(REQUIRED WORK):
Print every line below exactly. Skip the pictures.

(MATERIAL FOR THE TASK):
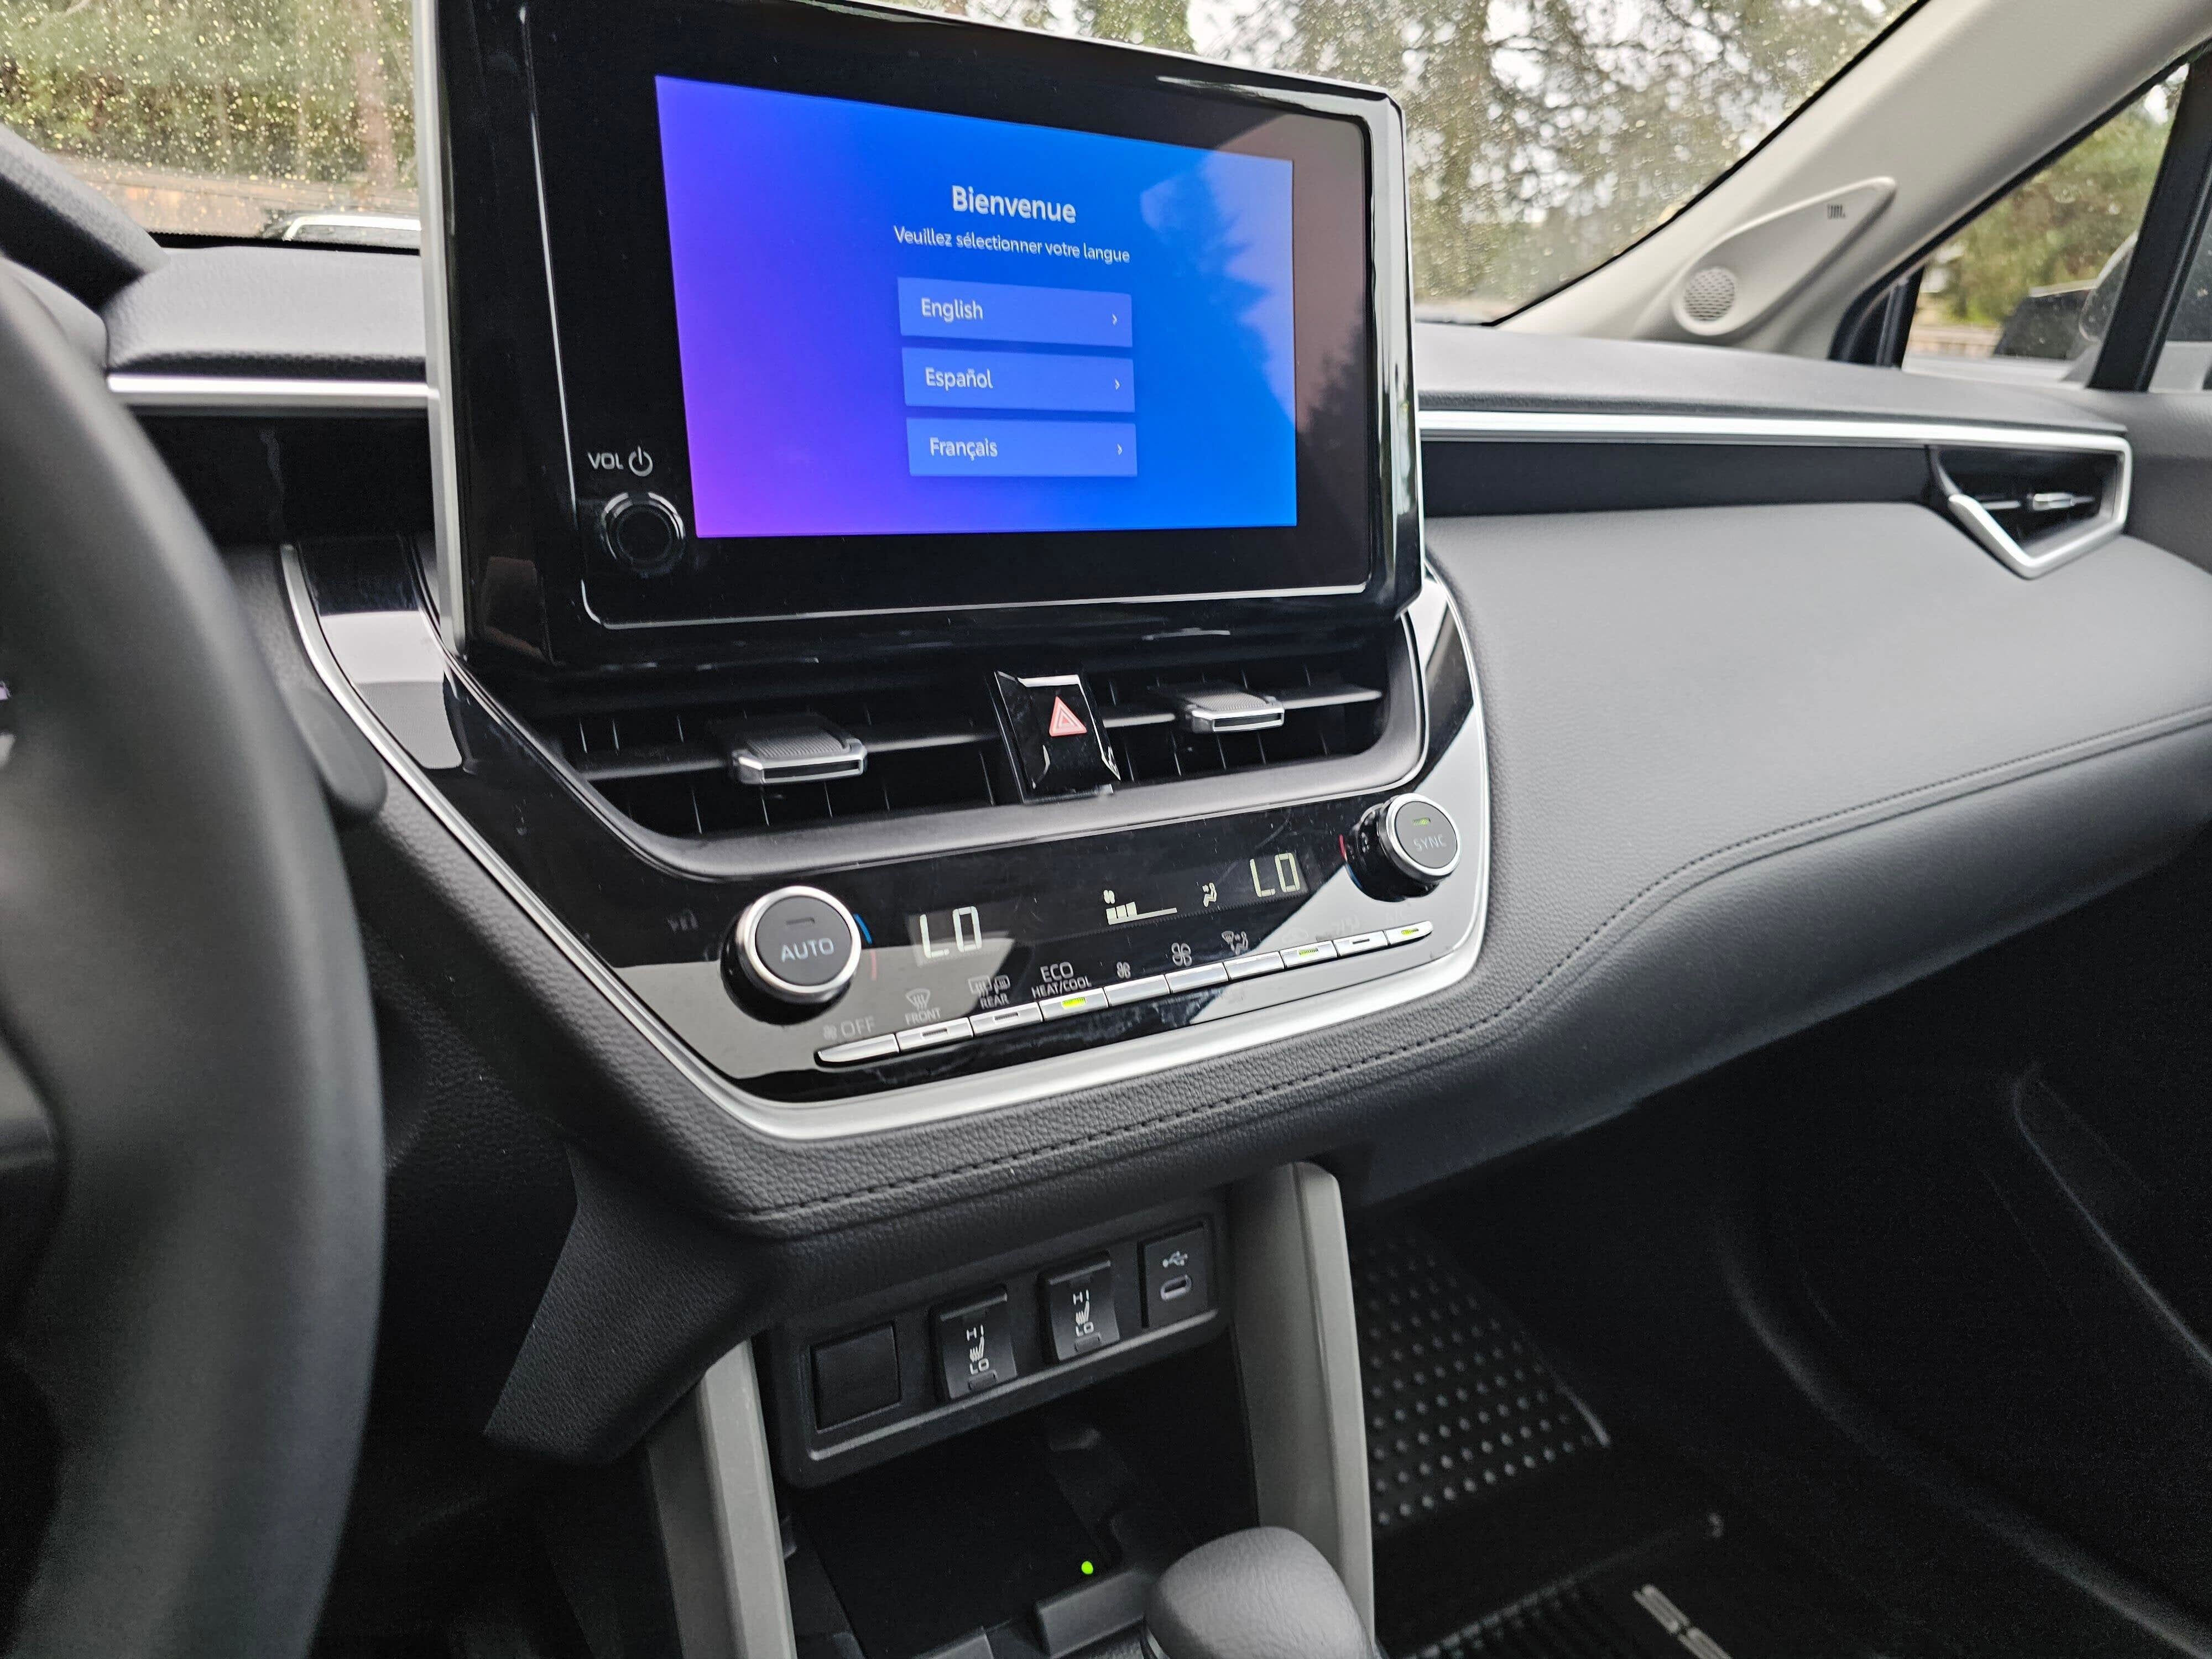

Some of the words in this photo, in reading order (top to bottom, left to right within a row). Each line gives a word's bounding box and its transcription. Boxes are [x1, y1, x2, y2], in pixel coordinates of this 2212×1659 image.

[952, 185, 1077, 223] Bienvenue
[894, 225, 952, 247] Veuillez
[956, 232, 1042, 254] sélectionner
[1045, 242, 1080, 259] votre
[1083, 243, 1130, 265] langue
[921, 297, 984, 322] English
[925, 367, 994, 390] Español
[929, 437, 998, 461] Français
[587, 452, 624, 469] VOL
[1413, 833, 1447, 852] SYNC
[1250, 852, 1301, 897] LO
[920, 906, 982, 959] LO
[780, 938, 835, 962] AUTO
[1040, 961, 1074, 983] ECO
[1031, 976, 1092, 999] HEAT/COOL
[980, 992, 1011, 1009] REAR
[841, 1016, 875, 1038] OFF
[905, 1008, 941, 1026] FRONT
[1073, 1288, 1089, 1306] HI
[966, 1324, 984, 1342] HI
[1076, 1322, 1094, 1337] LO
[969, 1358, 989, 1375] LO

(REPLY TO THE EXERCISE):
Some of the words in this photo, in reading order (top to bottom, left to right within a row). Each line gives a word's bounding box and its transcription. Boxes are [x1, y1, x2, y2], in pixel coordinates of this 2212×1659 image.

[952, 185, 1077, 223] Bienvenue
[894, 225, 952, 247] Veuillez
[956, 232, 1042, 254] sélectionner
[1045, 242, 1080, 259] votre
[1083, 243, 1130, 265] langue
[921, 297, 984, 322] English
[925, 367, 994, 390] Español
[929, 437, 998, 461] Français
[587, 452, 624, 469] VOL
[1413, 833, 1447, 852] SYNC
[1250, 852, 1301, 897] LO
[920, 906, 982, 959] LO
[780, 938, 835, 962] AUTO
[1040, 961, 1074, 983] ECO
[1031, 976, 1092, 999] HEAT/COOL
[980, 992, 1011, 1009] REAR
[841, 1016, 875, 1038] OFF
[905, 1008, 941, 1026] FRONT
[1073, 1288, 1089, 1306] HI
[966, 1324, 984, 1342] HI
[1076, 1322, 1094, 1337] LO
[969, 1358, 989, 1375] LO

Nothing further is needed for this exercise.